Cellular benefits of gene therapy seen decades after treatment

An international collaboration between Great Ormond Street Hospital, the UCL GOS Institute for Child Health and Harvard Medical School has shown that the beneficial effects of gene therapy can be seen decades after the transplanted blood stem cells has been cleared by the body.

The research team monitored five patients who were successfully cured of SCID-X1 using gene therapy at GOSH. For 3-18 years patients' blood was regularly analyzed to detect which cell types and biomarker chemicals were present in their blood. The results showed that even though the stem cells transplanted as part of gene therapy had been cleared by the patients, the all-important corrected immune cells, called T-cells, were still forming.
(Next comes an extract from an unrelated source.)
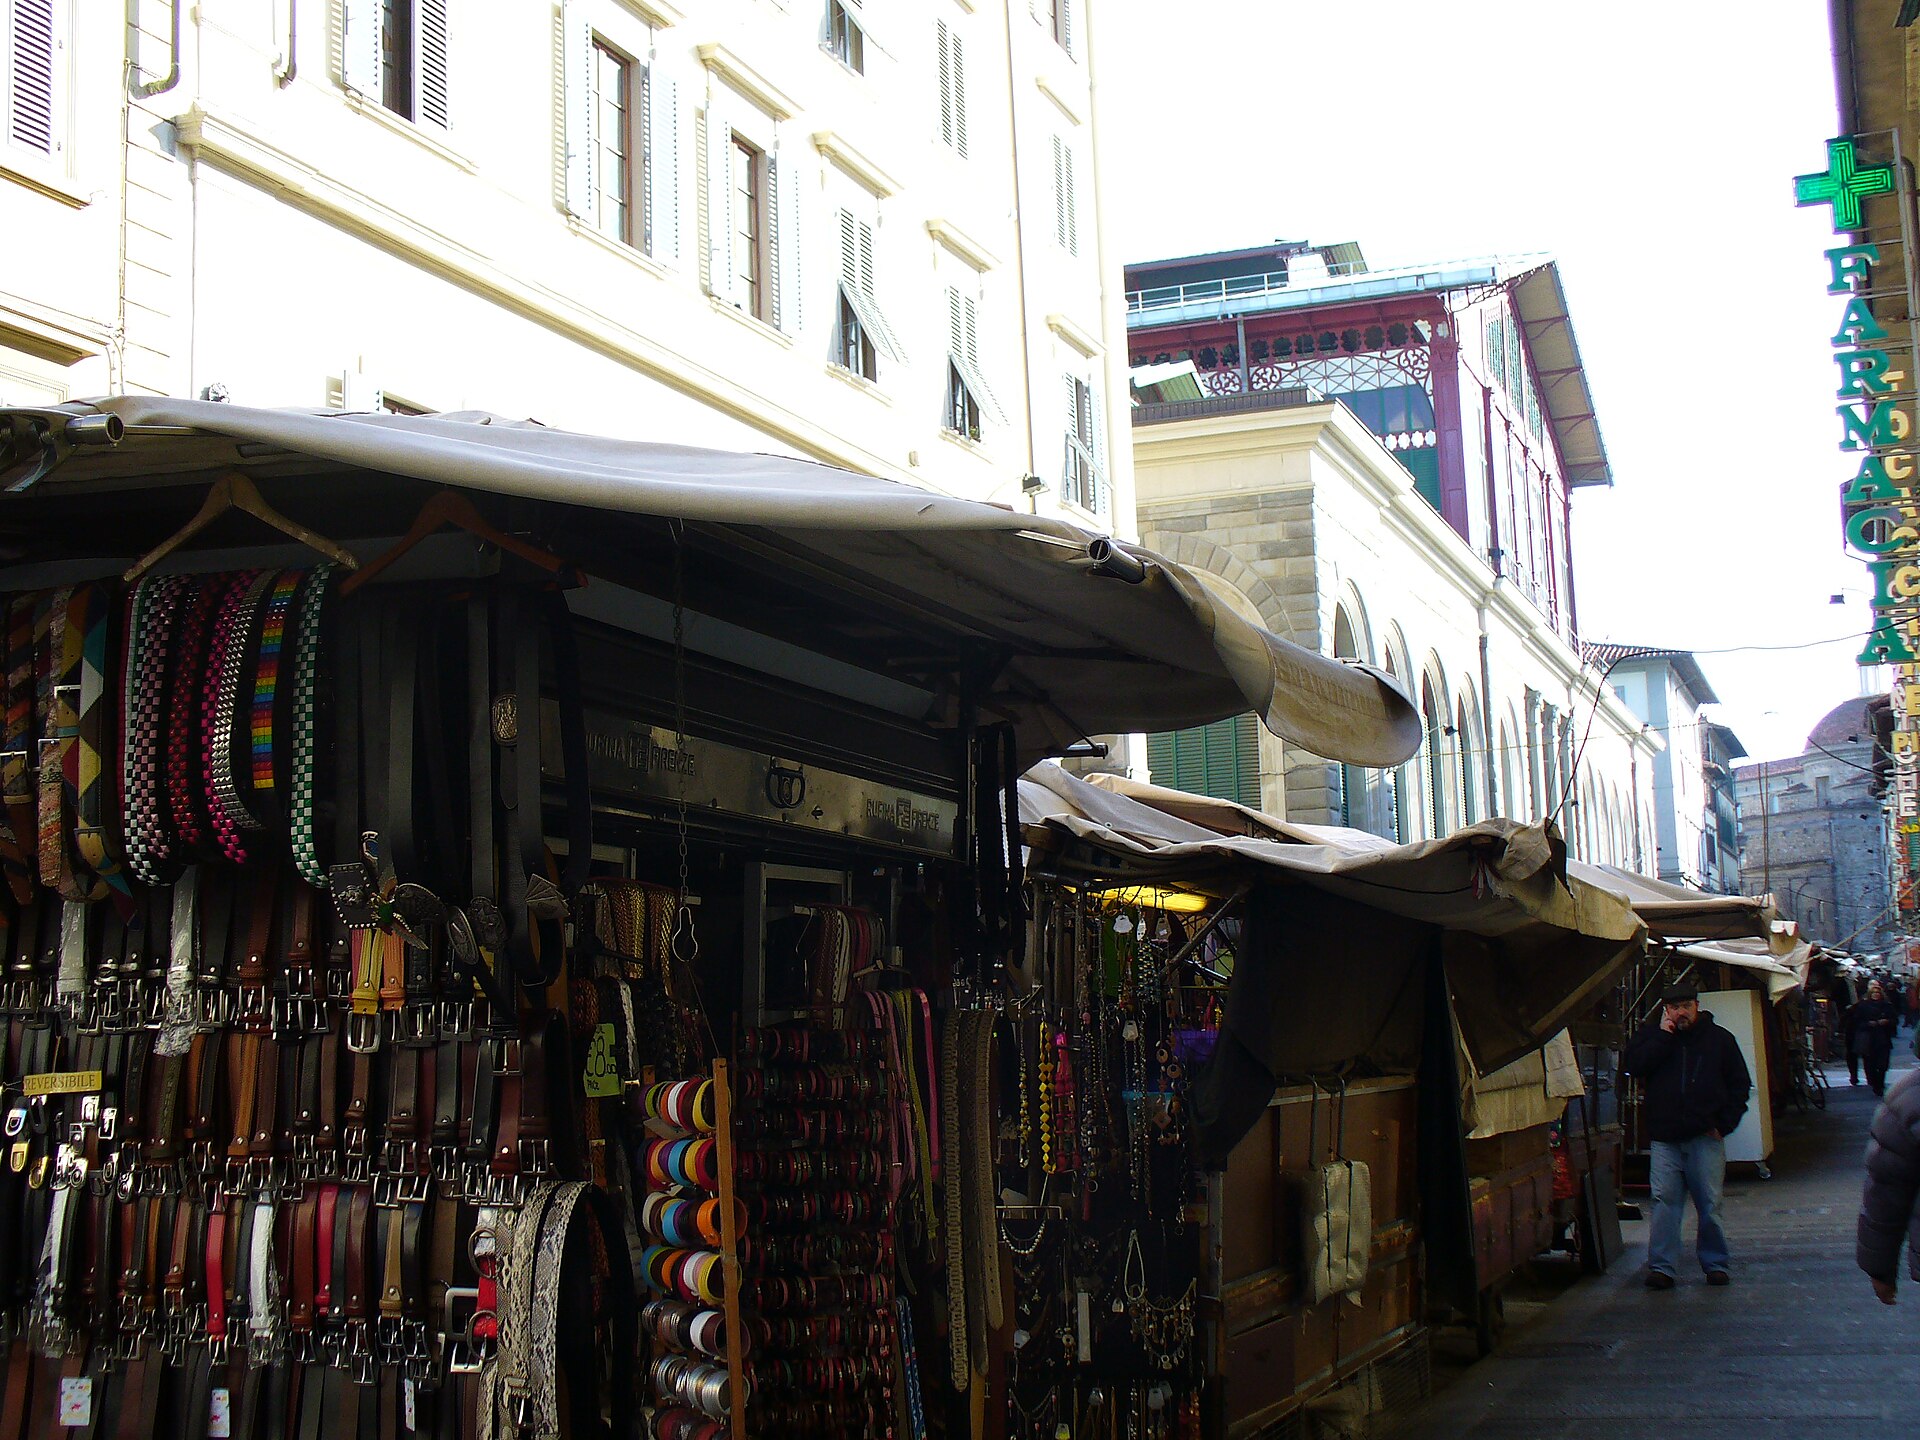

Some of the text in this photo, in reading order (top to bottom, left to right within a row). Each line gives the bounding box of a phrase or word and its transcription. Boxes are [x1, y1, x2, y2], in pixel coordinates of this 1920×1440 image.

[1824, 244, 1914, 664] FARMACIA
[867, 798, 896, 822] RUFINA
[24, 1074, 96, 1091] REVERSIBILE
Gene therapy works by first removing some of the patients' blood-forming stem cells, which create all types of blood and immune cells. Next, a viral vector is used to deliver a new copy of the faulty gene into the DNA of the patients' cells in a laboratory. These corrected stem cells are then returned to patients in a so-called 'autologous transplant', where they go on to produce a continual supply of healthy immune cells capable of fighting infection.

In the gene therapy for SCID-X1 the corrected stem cells have been eventually cleared by the body but the patients remained cured of their condition. This team of researchers suggested that the 'cure' was down to the fact that the body was still able to continually produce newly-engineered T cells—an important part of the body's immune system.

They used state-of-the-art gene tracking technology and numerous tests to give unprecedented details of the T cells in SCID-X1 patients decades after gene therapy.

The team believe that this gene therapy has created the ideal conditions for the human thymus (the part of the body where T cells develop) to host a long-term store of the correct type of progenitor cells that can form new T cells. Further investigation of how this happens and how it can be exploited could be crucial for the development of next generation gene therapy and cancer immunotherapy approaches.